-------- RECORDS FOR PROCESSING --------

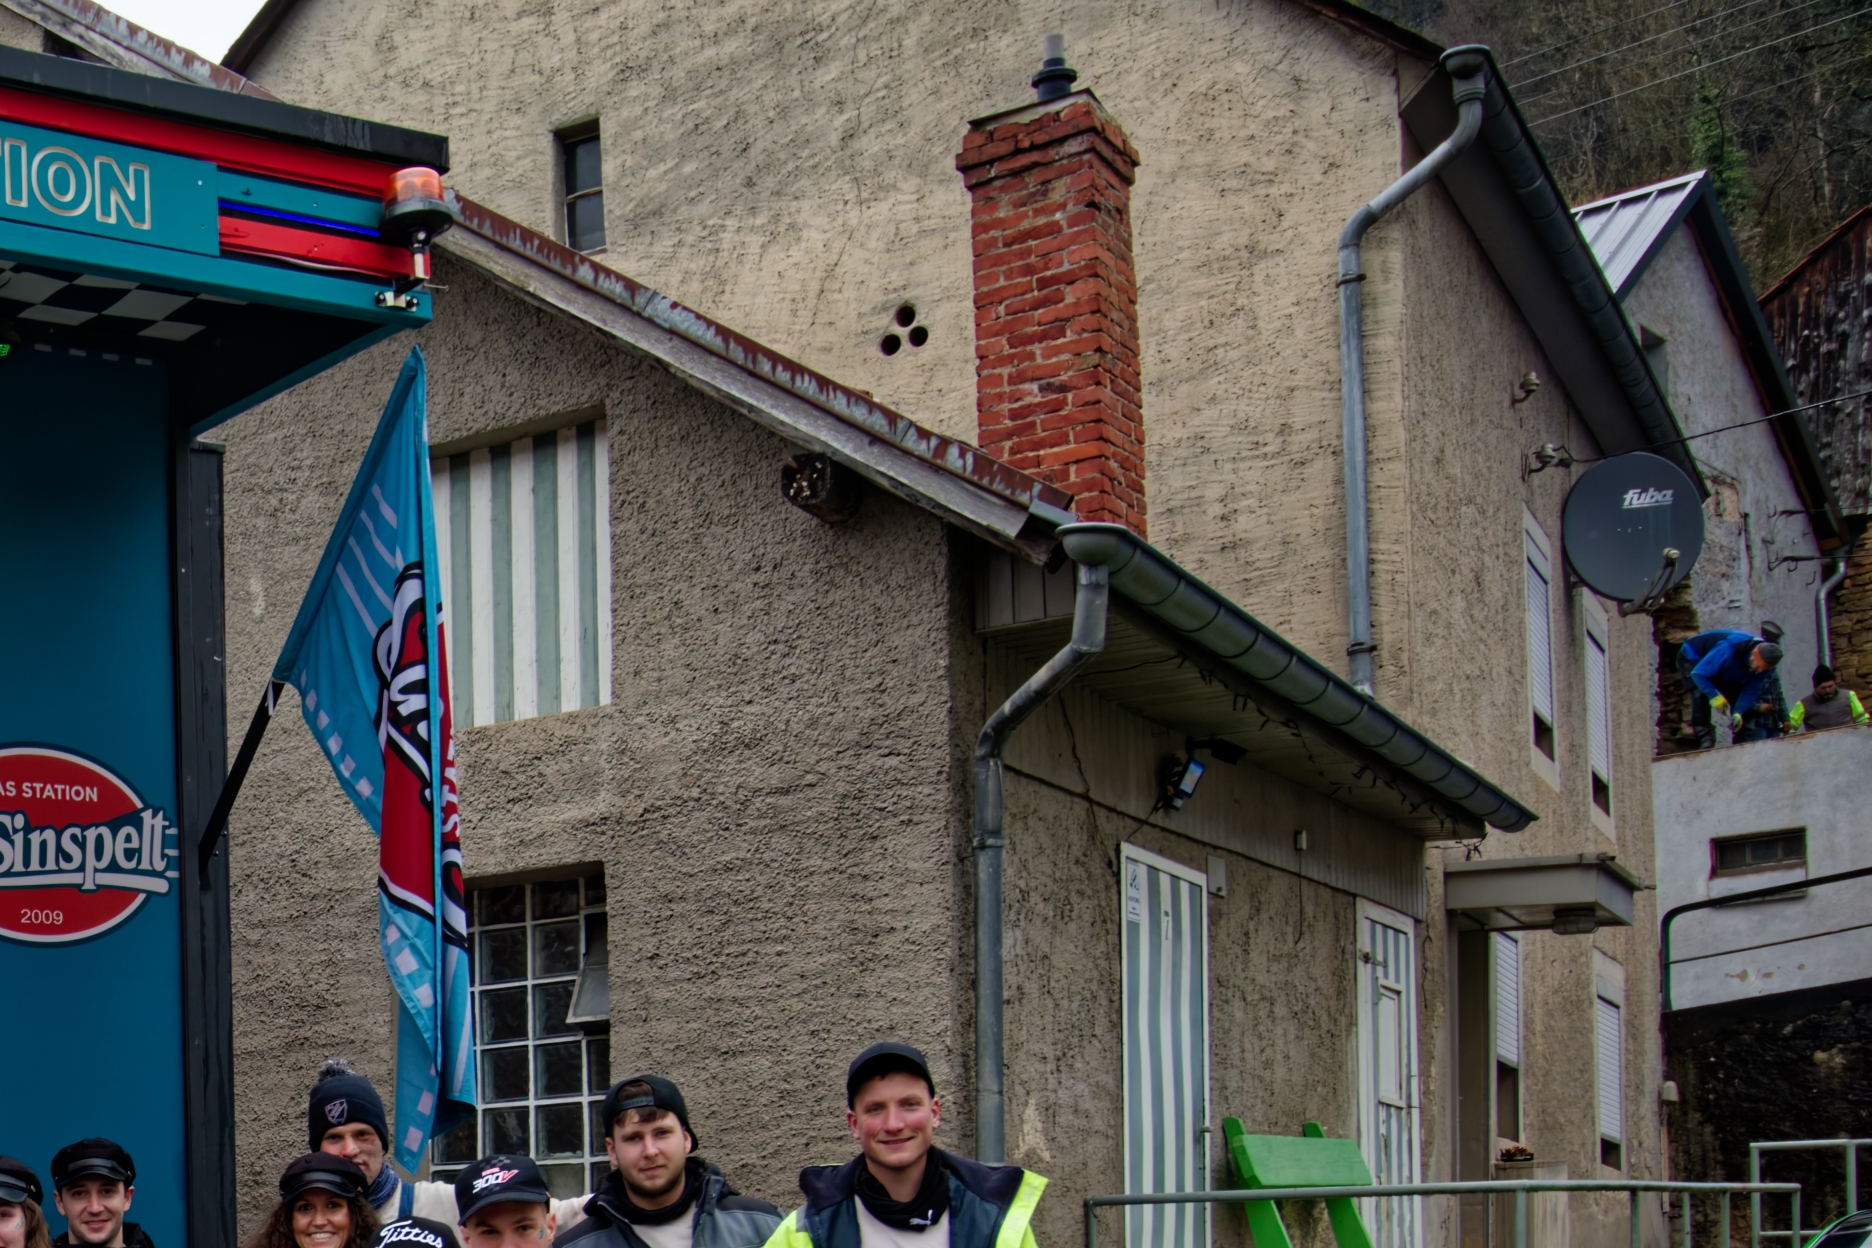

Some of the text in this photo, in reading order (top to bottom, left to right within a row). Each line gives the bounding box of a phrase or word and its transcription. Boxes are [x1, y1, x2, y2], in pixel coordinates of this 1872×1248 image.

[1622, 487, 1674, 507] fuba
[22, 782, 98, 802] STATION
[20, 908, 64, 925] 2009
[472, 1169, 520, 1194] 300V

--------

§ **WHAT THIS TASK INVOLVES**: Repeat the data word for word; drop the pictures.

§ **ANSWER TO THE EXERCISE**:
Some of the text in this photo, in reading order (top to bottom, left to right within a row). Each line gives the bounding box of a phrase or word and its transcription. Boxes are [x1, y1, x2, y2], in pixel coordinates of this 1872×1248 image.

[1622, 487, 1674, 507] fuba
[22, 782, 98, 802] STATION
[20, 908, 64, 925] 2009
[472, 1169, 520, 1194] 300V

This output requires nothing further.